Within our Asia region, we signed a large e-commerce client, where we were providing sales and customer service throughout the Pan-Asian geography and transforming their current delivery network.
Within our European geography, we signed with a global products company, where we will be supporting the customers in multiple languages and helping them design a new customer experience.
And very importantly in this quarter, we were also awarded a robotics process automation contract with one of our large banking clients winning the business over eight other industry leading companies. This demonstrates the success of our strategy to move to higher-value services that embrace new trends that help our clients.

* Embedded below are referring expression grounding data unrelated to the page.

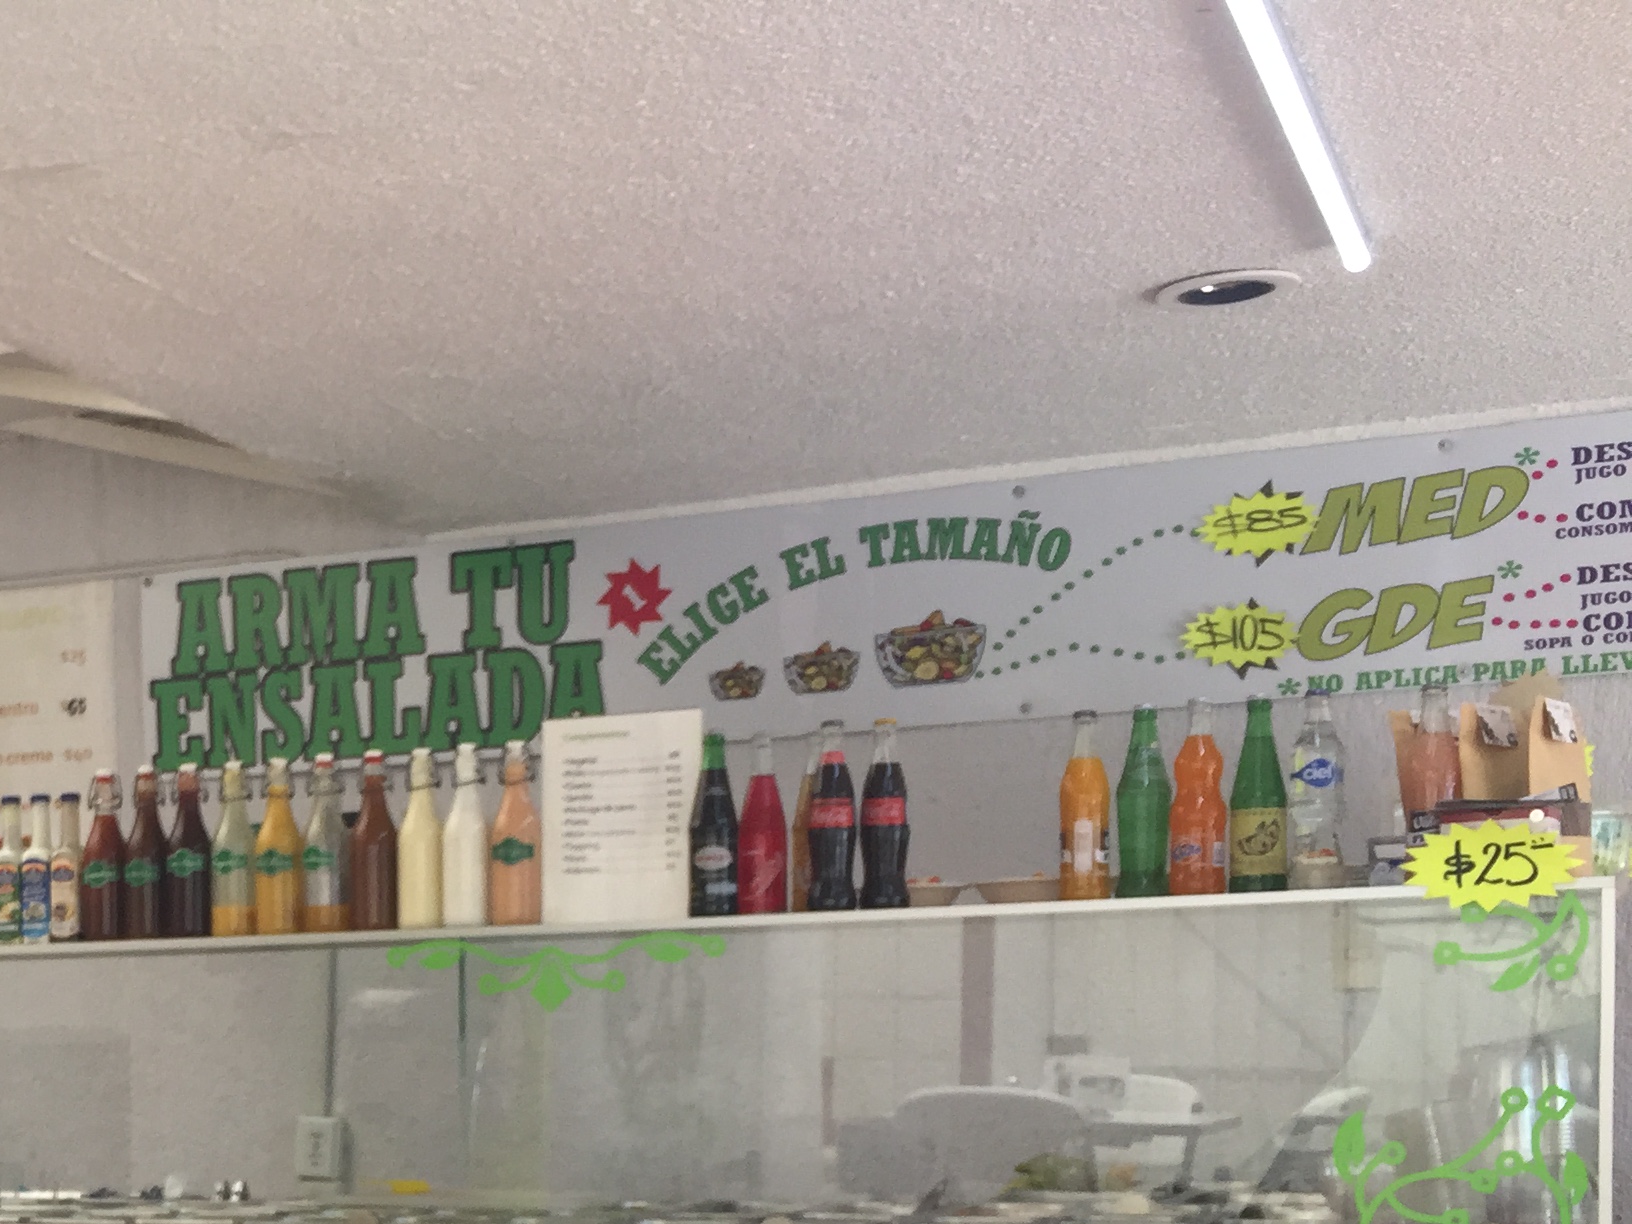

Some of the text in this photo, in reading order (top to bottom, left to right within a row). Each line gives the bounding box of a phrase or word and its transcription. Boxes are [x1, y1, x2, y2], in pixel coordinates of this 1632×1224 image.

[1213, 465, 1531, 555] $85 MED
[1575, 464, 1627, 484] JUGO
[170, 540, 575, 677] ARMA TU
[637, 510, 1072, 686] ELIGE EL TAMAÑO
[1196, 575, 1495, 662] $105 GDE
[1580, 590, 1632, 610] JUGO
[1307, 673, 1344, 693] NO
[1355, 665, 1461, 691] APLICA
[1472, 657, 1546, 682] PARA
[1524, 636, 1572, 650] SOPA
[1581, 634, 1594, 645] O
[150, 640, 605, 773] ENSALADA
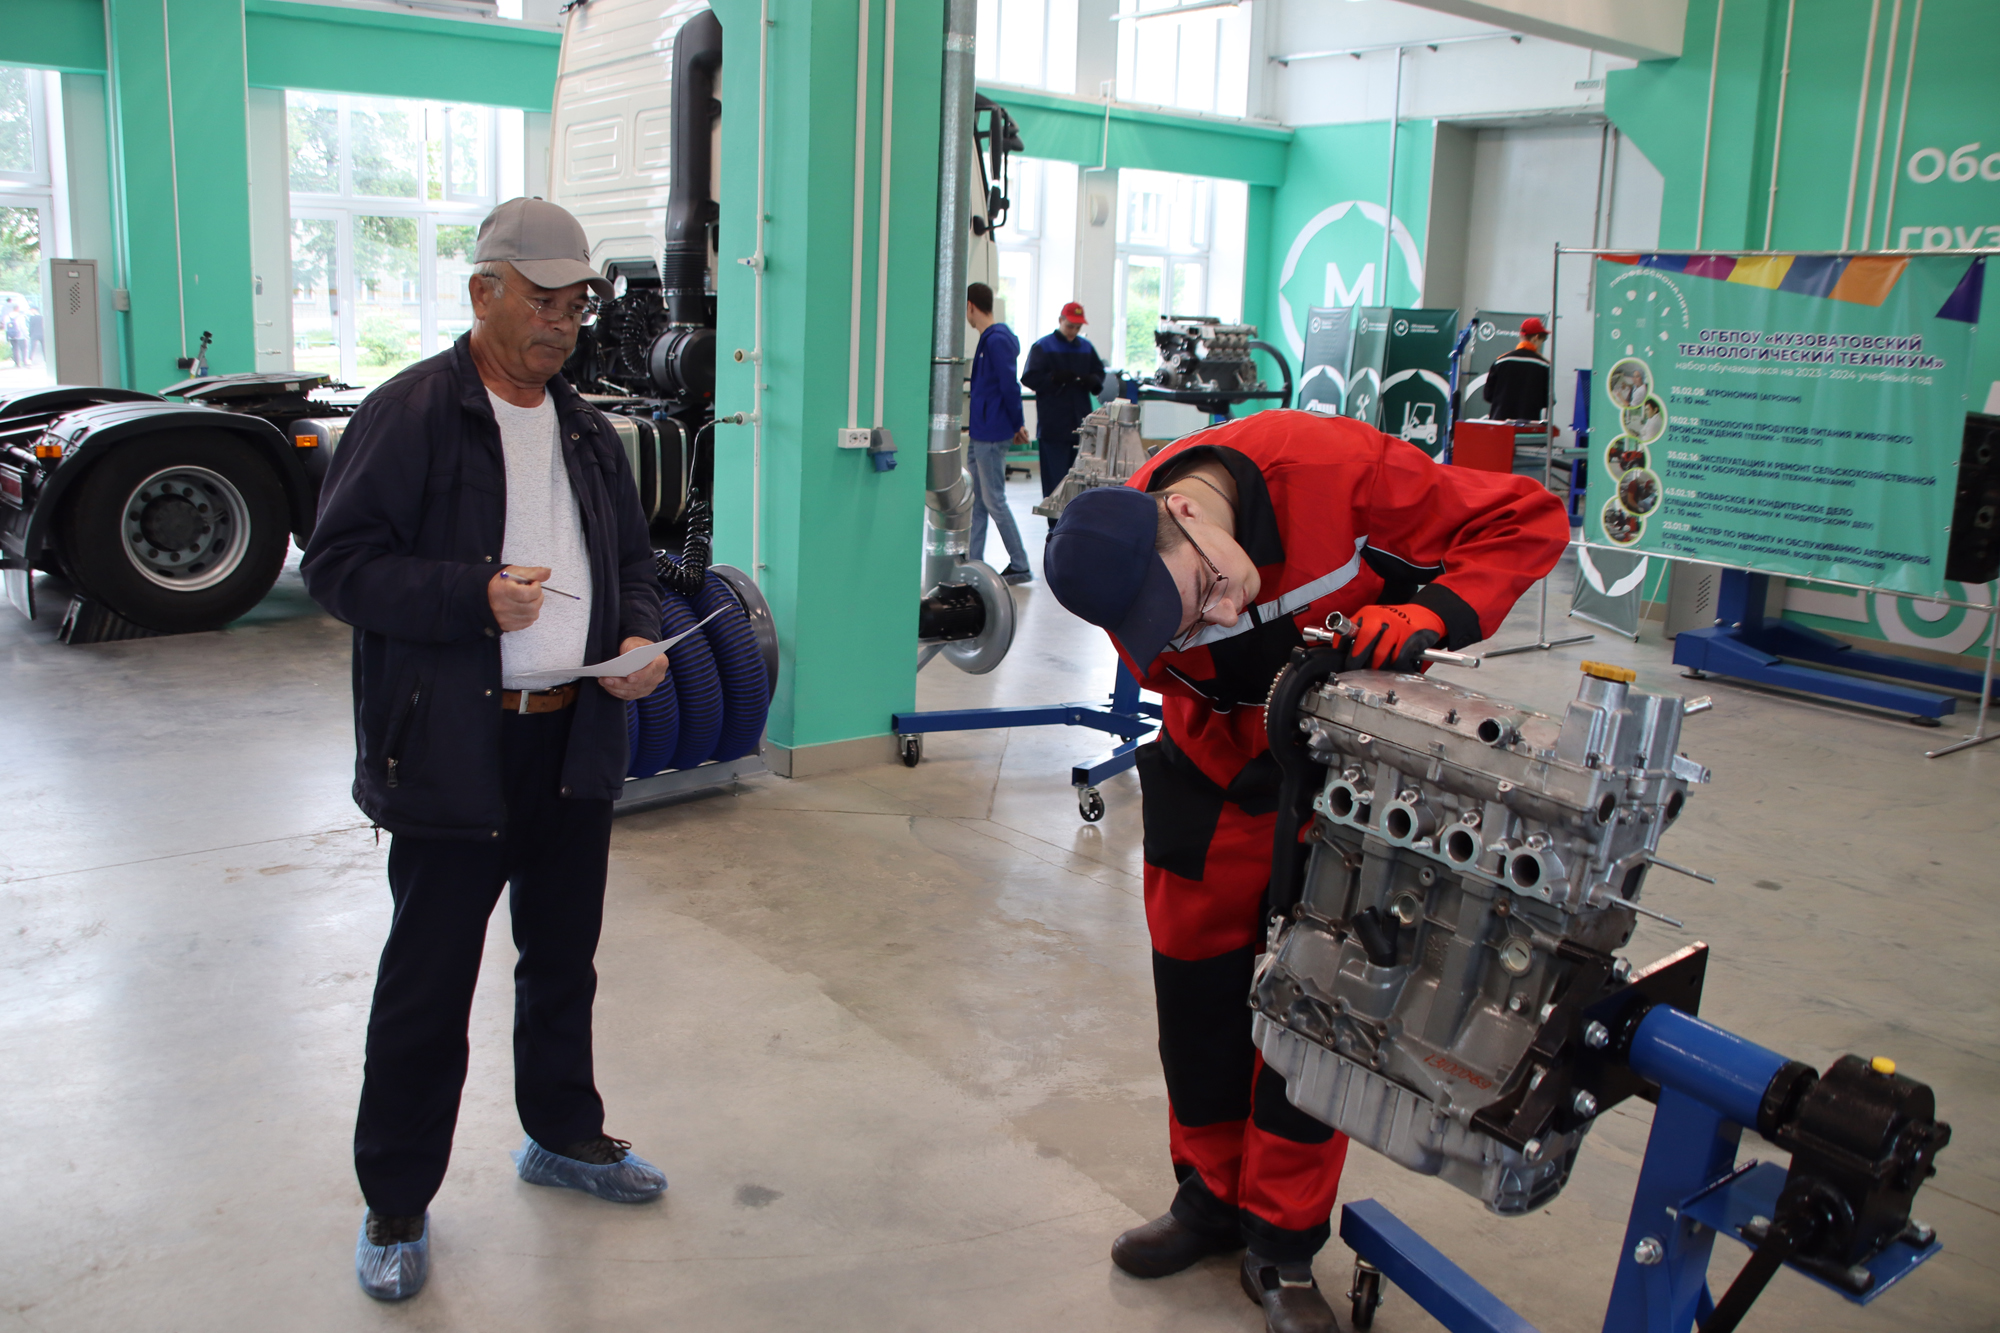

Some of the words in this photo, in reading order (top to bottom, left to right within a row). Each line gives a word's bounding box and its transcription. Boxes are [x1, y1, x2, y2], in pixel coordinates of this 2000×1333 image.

[1609, 268, 1689, 329] ПРОФЕССИОНАЛИТЕТ
[1699, 329, 1761, 345] ОГБПОУ
[1765, 332, 1922, 352] «КУЗОВАТОВСКИЙ
[1678, 343, 1835, 364] ТЕХНОЛОГИЧЕСКИЙ
[1840, 350, 1946, 369] ТЕХНИКУМ»
[1675, 361, 1705, 372] набор
[1707, 362, 1778, 376] обучающихся
[1781, 368, 1794, 377] на
[1796, 367, 1822, 378] 2023
[1829, 369, 1855, 380] 2024
[1858, 371, 1909, 385] учебный
[1911, 376, 1933, 387] год
[1683, 396, 1693, 404] 10
[1705, 389, 1757, 400] АГРОНОМИЯ
[1760, 393, 1802, 404] (АГРОНОМ)
[1669, 426, 1742, 439] ПРОИСХОЖДЕНИЯ
[1681, 435, 1690, 443] 10
[1692, 437, 1709, 445] мес.
[1700, 419, 1753, 431] ТЕХНОЛОГИЯ
[1755, 423, 1809, 435] ПРОДУКТОВ
[1810, 428, 1852, 439] ПИТАНИЯ
[1854, 432, 1914, 445] ЖИВОТНОГО
[1667, 460, 1702, 470] ТЕХНИКИ
[1711, 465, 1780, 480] ОБОРУДОВАНИЯ
[1678, 471, 1687, 479] 10
[1689, 473, 1706, 481] мес.
[1700, 454, 1765, 468] ЭКСПЛУАТАЦИЯ
[1774, 462, 1811, 472] РЕМОНТ
[1812, 465, 1937, 487] СЕЛЬСКОХОЗЯЙСТВЕННОЙ
[1697, 491, 1747, 504] ПОВАРСКОЕ
[1757, 498, 1824, 514] КОНДИТЕРСКОЕ
[1826, 507, 1853, 516] ДЕЛО
[1691, 525, 1722, 535] МАСТЕР
[1724, 530, 1735, 538] ПО
[1737, 532, 1775, 544] РЕМОНТУ
[1785, 537, 1862, 555] ОБСЛУЖИВАНИЮ
[1863, 549, 1931, 565] АВТОМОБИЛЕЙ
[1695, 537, 1705, 545] ПО

Something that continues to make us proud is the recognition we received by industry analysts. This quarter, we received 15 industry awards making a record total of 38 industry awards for the first-half of 2017. Now, looking forward to third quarter 2017, there are a few dynamics in play that I would like to point out.
One of the contract wins I spoke of with a large client will require us to open up in some additional geographies in Asia this quarter. We do not expect these countries to be profitable until Q1 2018 when we start to see the business ramp up.
In addition, one of our larger clients that historically ramps for seasonal volume in Q4 in which we also capture the revenue has asked us now this year to ramp earlier in Q3, which will negatively impact our operating margins this quarter.
We will still capture the revenue and profitability in Q4, but it represents a shift in our profit profile by one quarter on this client. Overall, we see continued strength in our existing business and a strong pipeline. We remain focused on driving our day-in, day-out execution to achieve our stated financial goals.
I’d like to close by thanking all of our clients and dedicated staff across the globe for everything that they do. Back to you, Kevin..
Thank you, Chris. Now looking at our current quarter, we expect the momentum from the first two quarters to continue into Q3, with overall revenue performance to be in line with historical seasonality. With a very strong margin results in Q2, we’re guiding conservatively, but are still expecting good improvement over our third quarter a year ago.
Also, recall that in Q3 2016, we were working through a loss-making contract in our Concentrix segment, which resulted in a $7.5 million in profit that did not repeat. As well in the short-term, we expect to increase our investments to support our growth that has accelerated in both segments recently.
We expect the technology market to grow, but remain competitive. And given our differentiating capabilities and focused approach, we believe we will continue to grow faster than the overall market. Concentrix continues to be well-positioned for growth, given the investments we have made and our unique vertical capabilities and solutions.
We also have a healthy sales pipeline that puts us in a strong position heading into the second-half of 2017 and into 2018. I’m incredibly proud of the SYNNEX team and their never-ending pursuit of turning the complex into simple.
Whether the challenge is technical, time-intensive, or navigating our geopolitical climate, we continue to find ways of solving vendor and customer problems and providing growth opportunities for the markets we serve.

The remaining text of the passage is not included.